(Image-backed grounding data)
▼

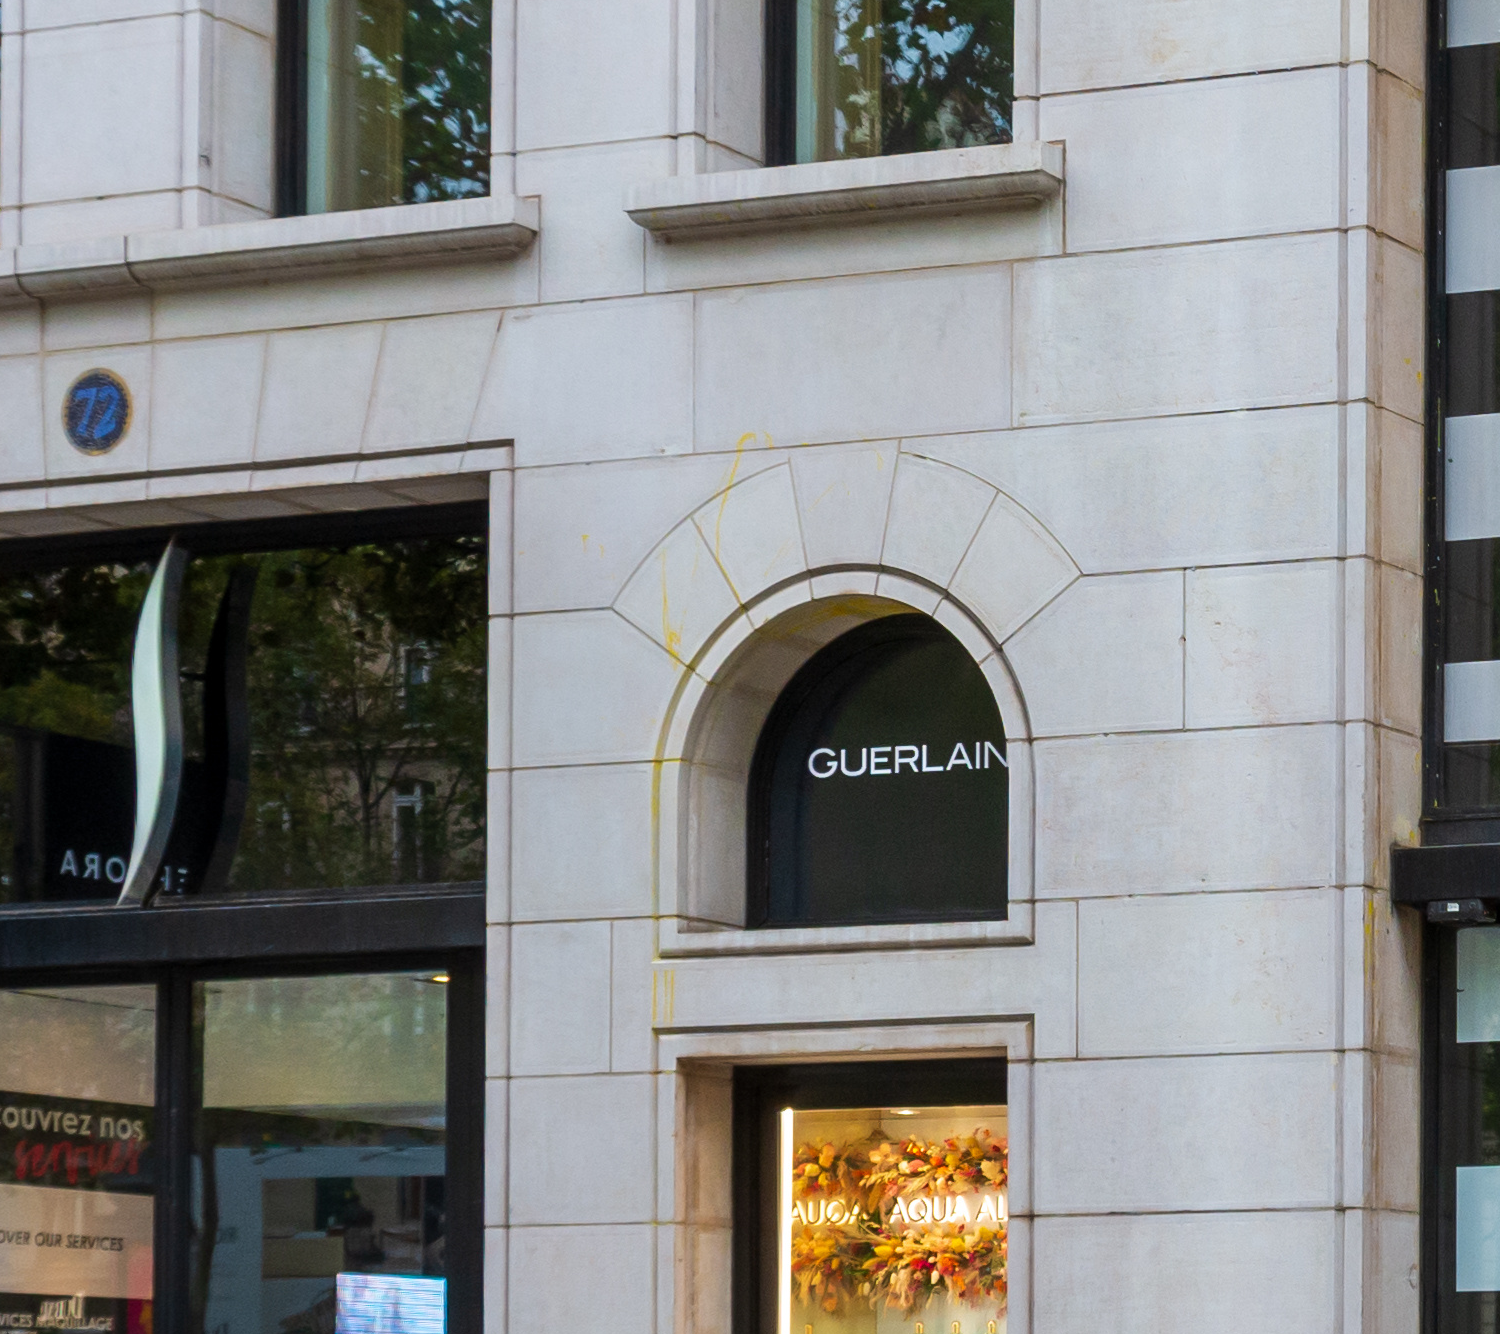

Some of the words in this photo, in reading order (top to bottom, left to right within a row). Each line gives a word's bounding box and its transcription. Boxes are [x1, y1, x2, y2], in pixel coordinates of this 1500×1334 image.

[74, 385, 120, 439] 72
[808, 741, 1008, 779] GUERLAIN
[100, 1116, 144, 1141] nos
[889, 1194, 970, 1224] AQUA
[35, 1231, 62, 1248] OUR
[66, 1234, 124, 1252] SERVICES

▲

- TO DO -
Line by line, write out the data above exactly, without the pictures.

- ANSWER TO THIS EXERCISE -
Some of the words in this photo, in reading order (top to bottom, left to right within a row). Each line gives a word's bounding box and its transcription. Boxes are [x1, y1, x2, y2], in pixel coordinates of this 1500×1334 image.

[74, 385, 120, 439] 72
[808, 741, 1008, 779] GUERLAIN
[100, 1116, 144, 1141] nos
[889, 1194, 970, 1224] AQUA
[35, 1231, 62, 1248] OUR
[66, 1234, 124, 1252] SERVICES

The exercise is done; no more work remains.